### INPUT MATERIAL:
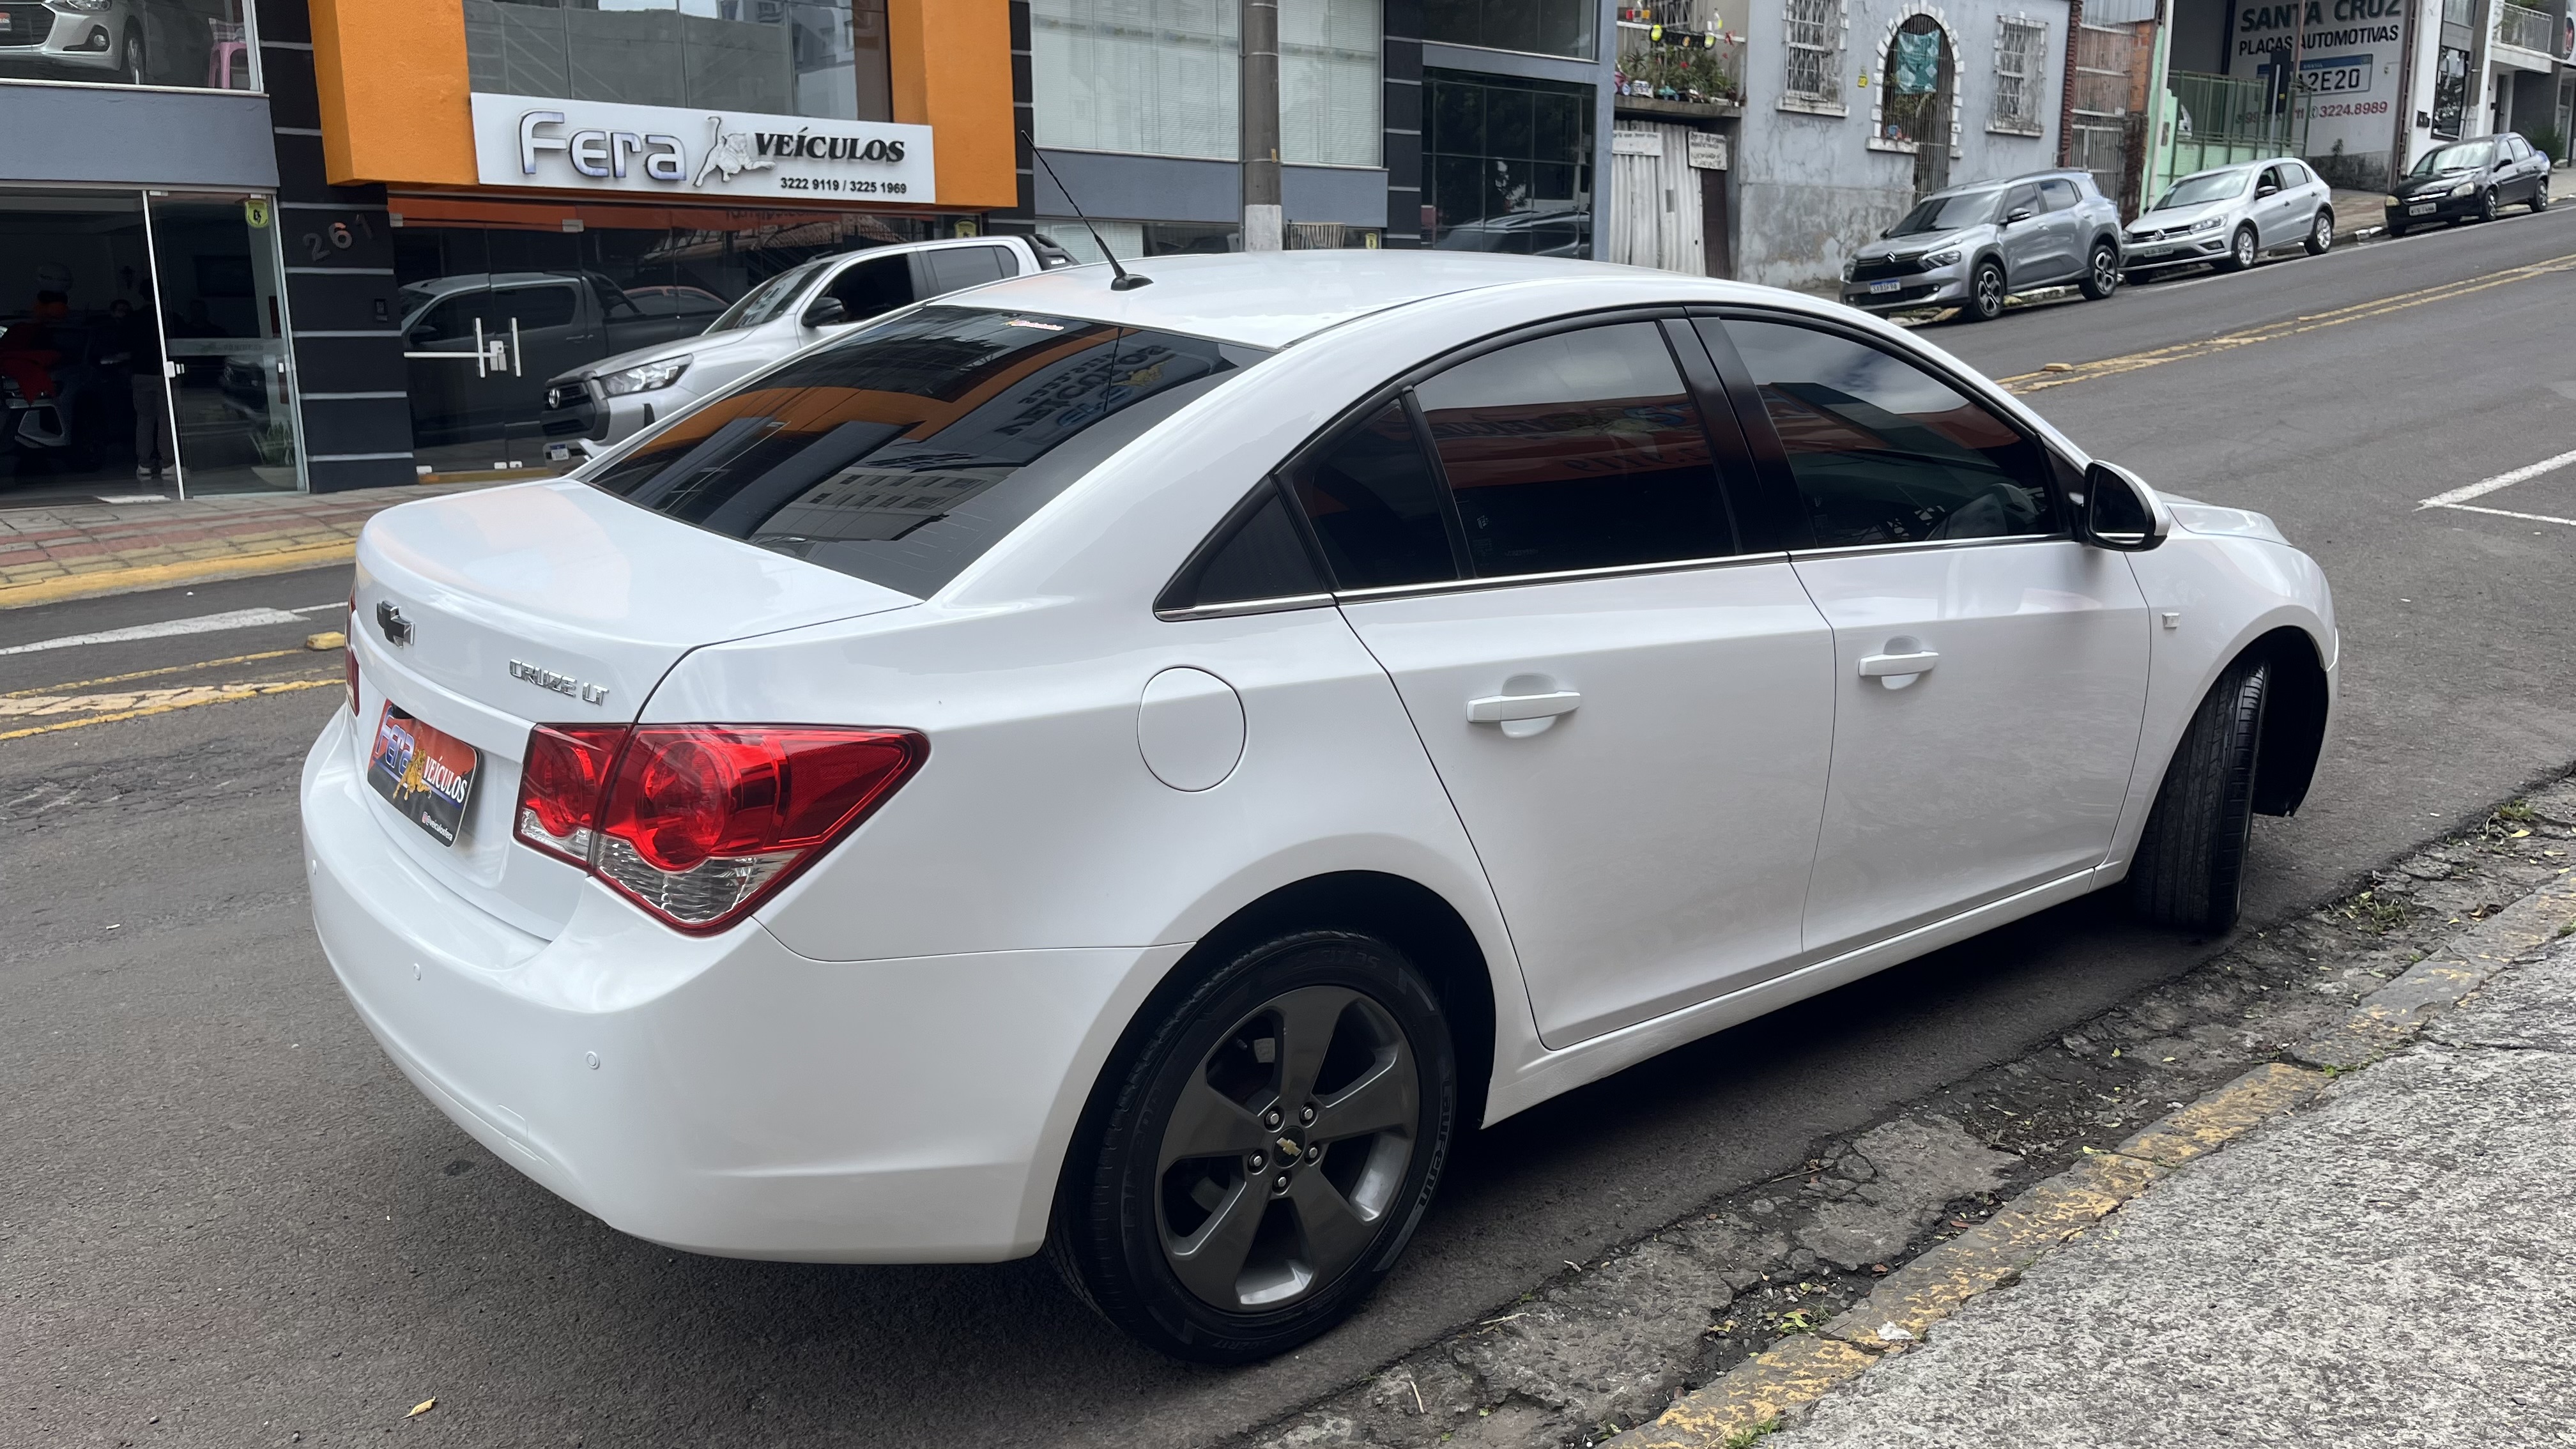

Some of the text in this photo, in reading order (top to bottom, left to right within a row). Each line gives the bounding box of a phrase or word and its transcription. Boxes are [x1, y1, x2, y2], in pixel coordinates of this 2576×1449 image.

[2334, 0, 2402, 21] CRUZ
[2239, 24, 2399, 56] PLACAS AUTOMOTIVAS
[2319, 101, 2388, 118] 3224.8989
[519, 110, 905, 181] Fera VEÍCULOS
[780, 177, 907, 194] 3222 9119 / 3225 1969
[303, 213, 372, 261] 261
[509, 659, 610, 706] CRUZE LT
[375, 705, 468, 803] Fera VEÍCULOS

### TASK DIRECTIONS:
When pictures appear among the entries, skip them and copy all remaining text precisely.

### FINISHED EXERCISE:
Some of the text in this photo, in reading order (top to bottom, left to right within a row). Each line gives the bounding box of a phrase or word and its transcription. Boxes are [x1, y1, x2, y2], in pixel coordinates of this 2576×1449 image.

[2334, 0, 2402, 21] CRUZ
[2239, 24, 2399, 56] PLACAS AUTOMOTIVAS
[2319, 101, 2388, 118] 3224.8989
[519, 110, 905, 181] Fera VEÍCULOS
[780, 177, 907, 194] 3222 9119 / 3225 1969
[303, 213, 372, 261] 261
[509, 659, 610, 706] CRUZE LT
[375, 705, 468, 803] Fera VEÍCULOS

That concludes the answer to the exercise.